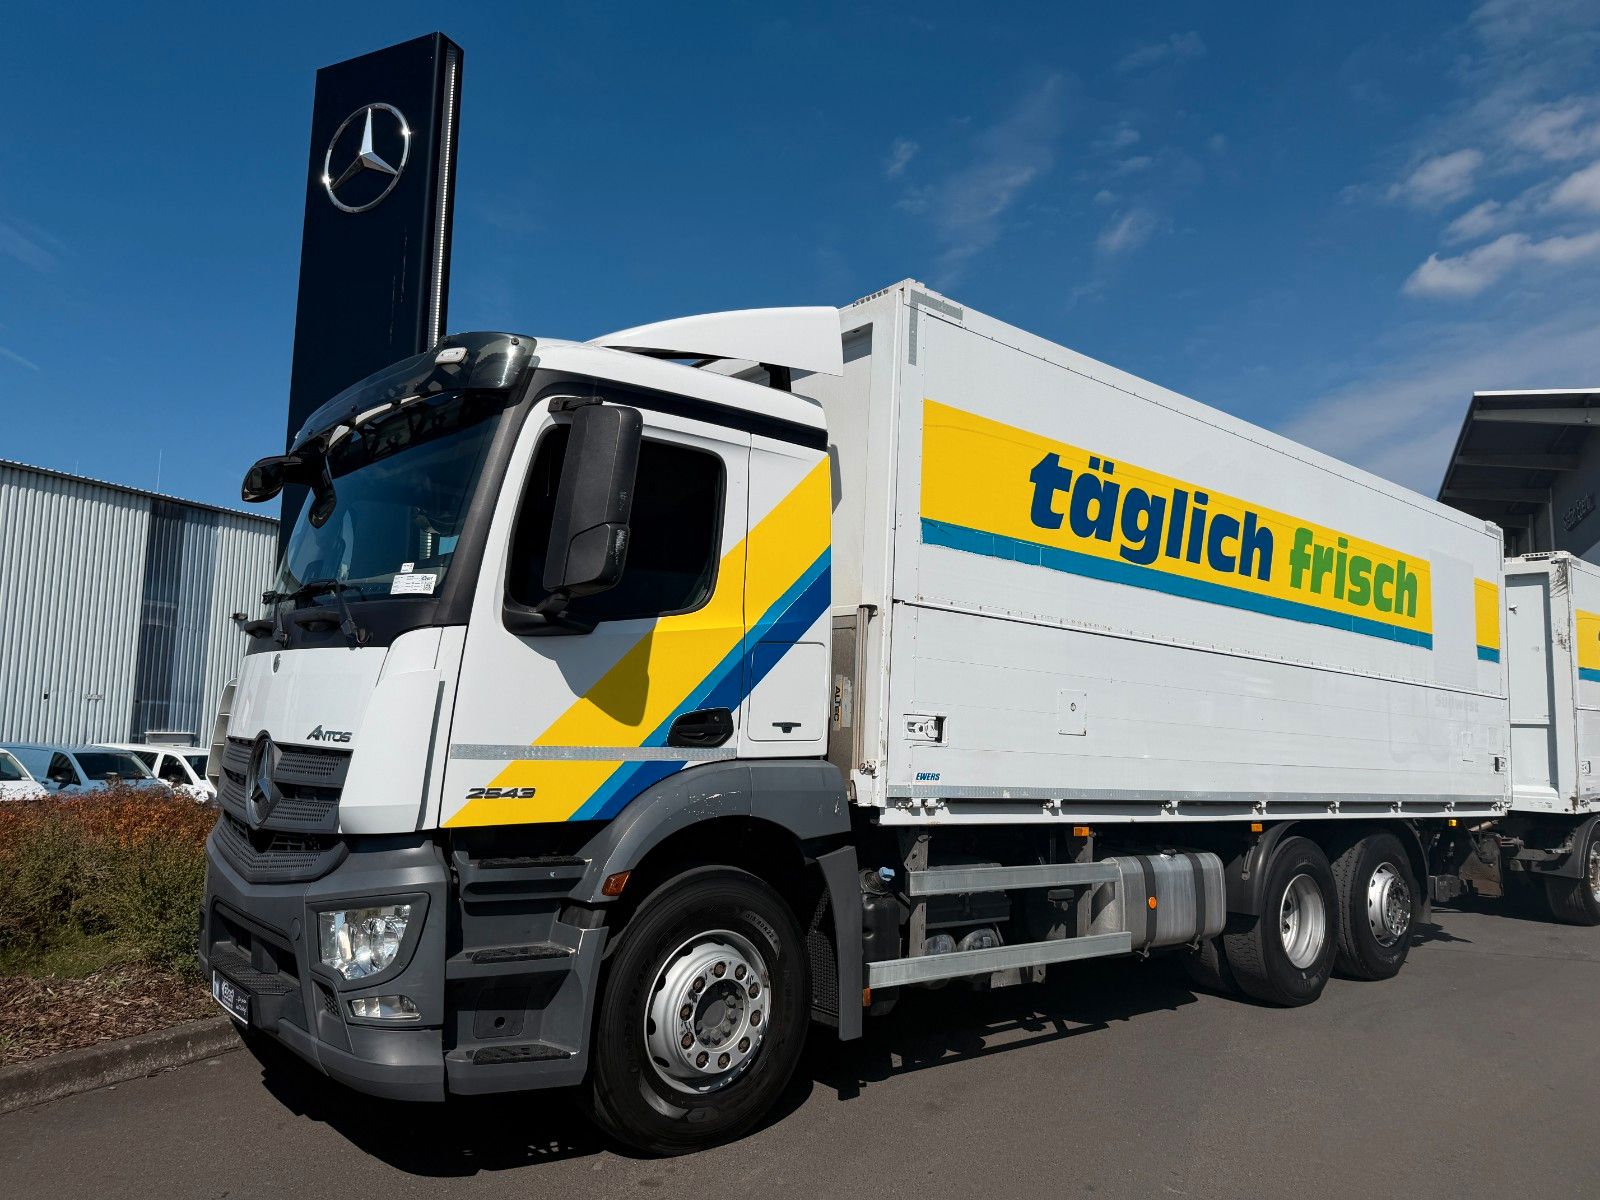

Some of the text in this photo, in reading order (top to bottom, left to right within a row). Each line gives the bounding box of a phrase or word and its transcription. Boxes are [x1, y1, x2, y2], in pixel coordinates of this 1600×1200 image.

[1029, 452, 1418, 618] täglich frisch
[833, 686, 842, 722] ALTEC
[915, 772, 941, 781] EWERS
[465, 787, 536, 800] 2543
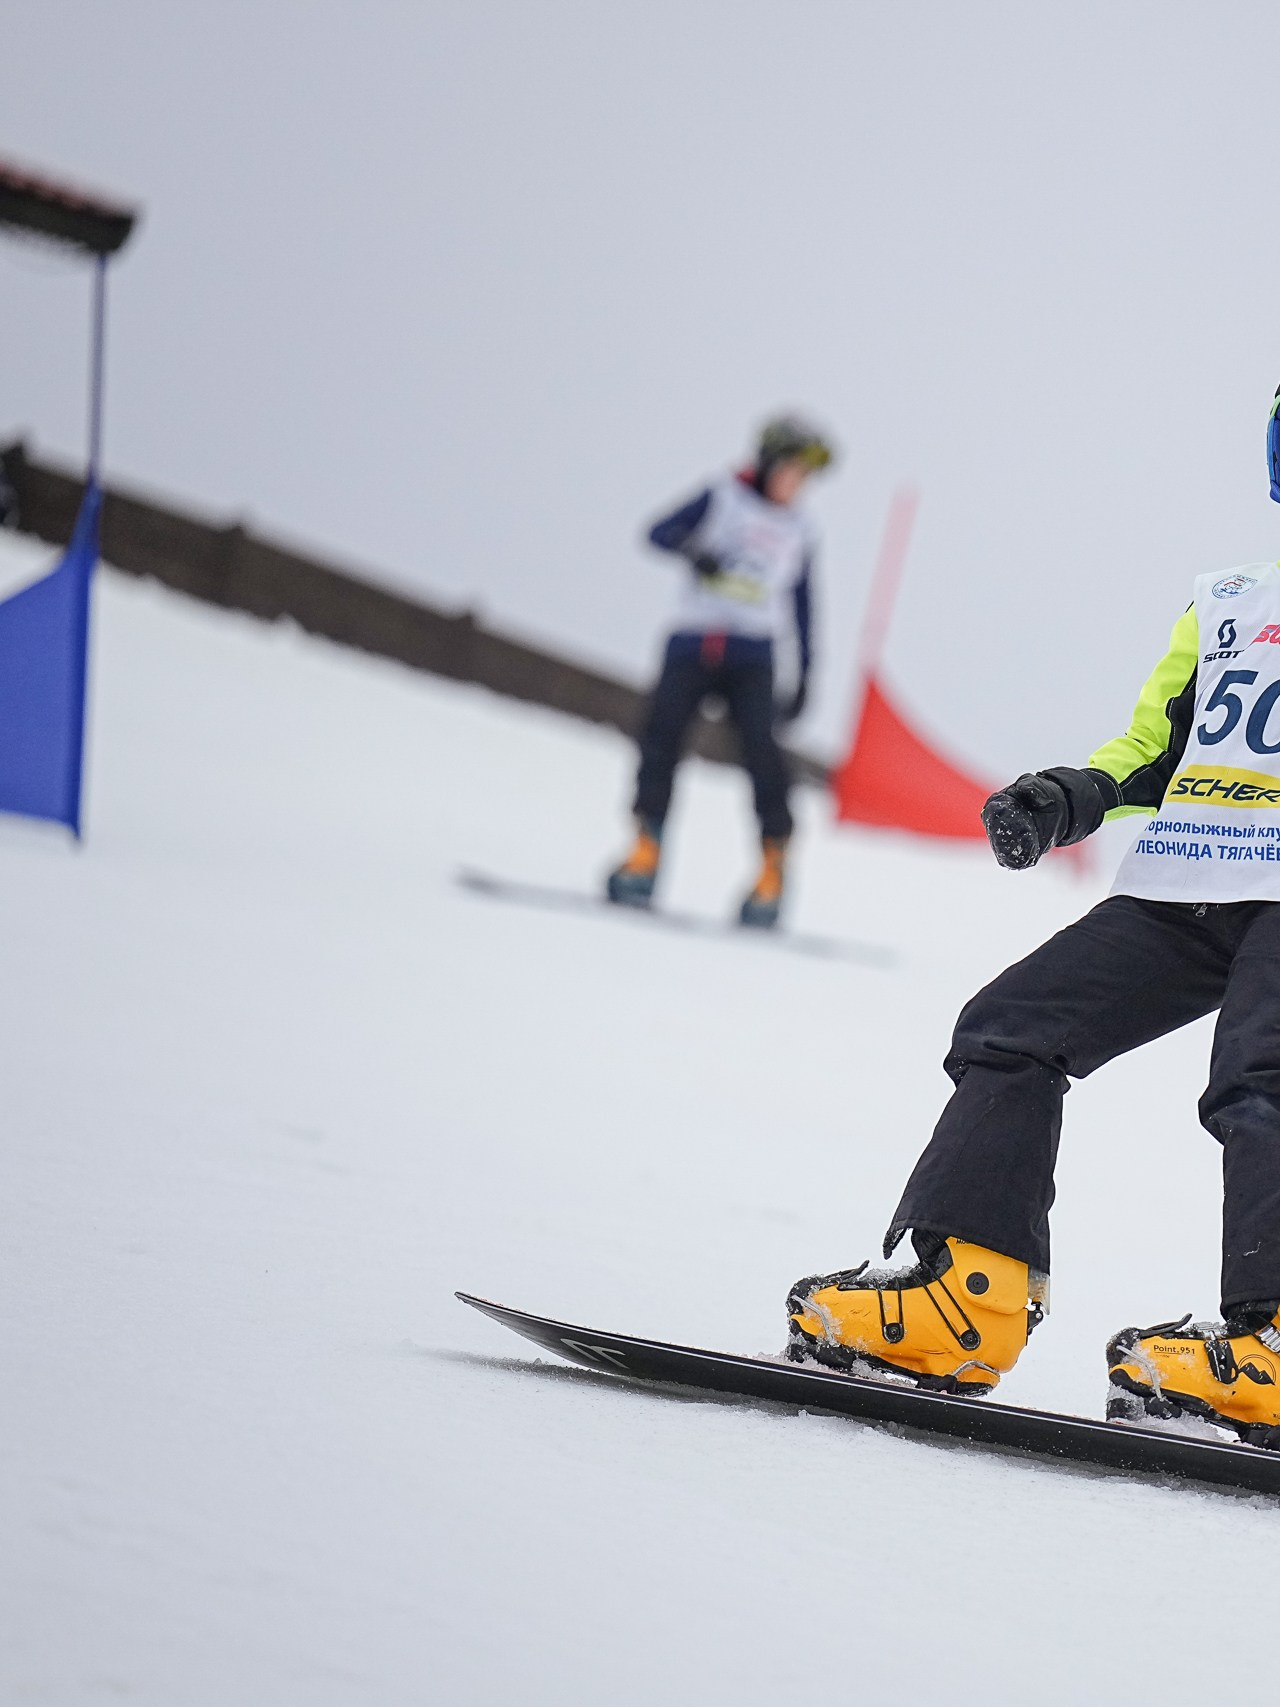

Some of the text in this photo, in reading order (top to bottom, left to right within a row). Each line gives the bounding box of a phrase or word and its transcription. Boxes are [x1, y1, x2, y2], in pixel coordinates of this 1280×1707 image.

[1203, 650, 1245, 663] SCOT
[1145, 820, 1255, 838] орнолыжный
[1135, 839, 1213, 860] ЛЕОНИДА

•••

• **What the exercise asks**
Copy the material shown above in full and exactly. Skip the pictures.

• **Your solution**
Some of the text in this photo, in reading order (top to bottom, left to right within a row). Each line gives the bounding box of a phrase or word and its transcription. Boxes are [x1, y1, x2, y2], in pixel coordinates of this 1600×1200 image.

[1029, 452, 1418, 618] täglich frisch
[833, 686, 842, 722] ALTEC
[915, 772, 941, 781] EWERS
[465, 787, 536, 800] 2543

Some of the text in this photo, in reading order (top to bottom, left to right within a row). Each line gives the bounding box of a phrase or word and its transcription. Boxes are [x1, y1, x2, y2], in pixel coordinates of this 1280×1707 image.

[1203, 650, 1245, 663] SCOT
[1145, 820, 1255, 838] орнолыжный
[1135, 839, 1213, 860] ЛЕОНИДА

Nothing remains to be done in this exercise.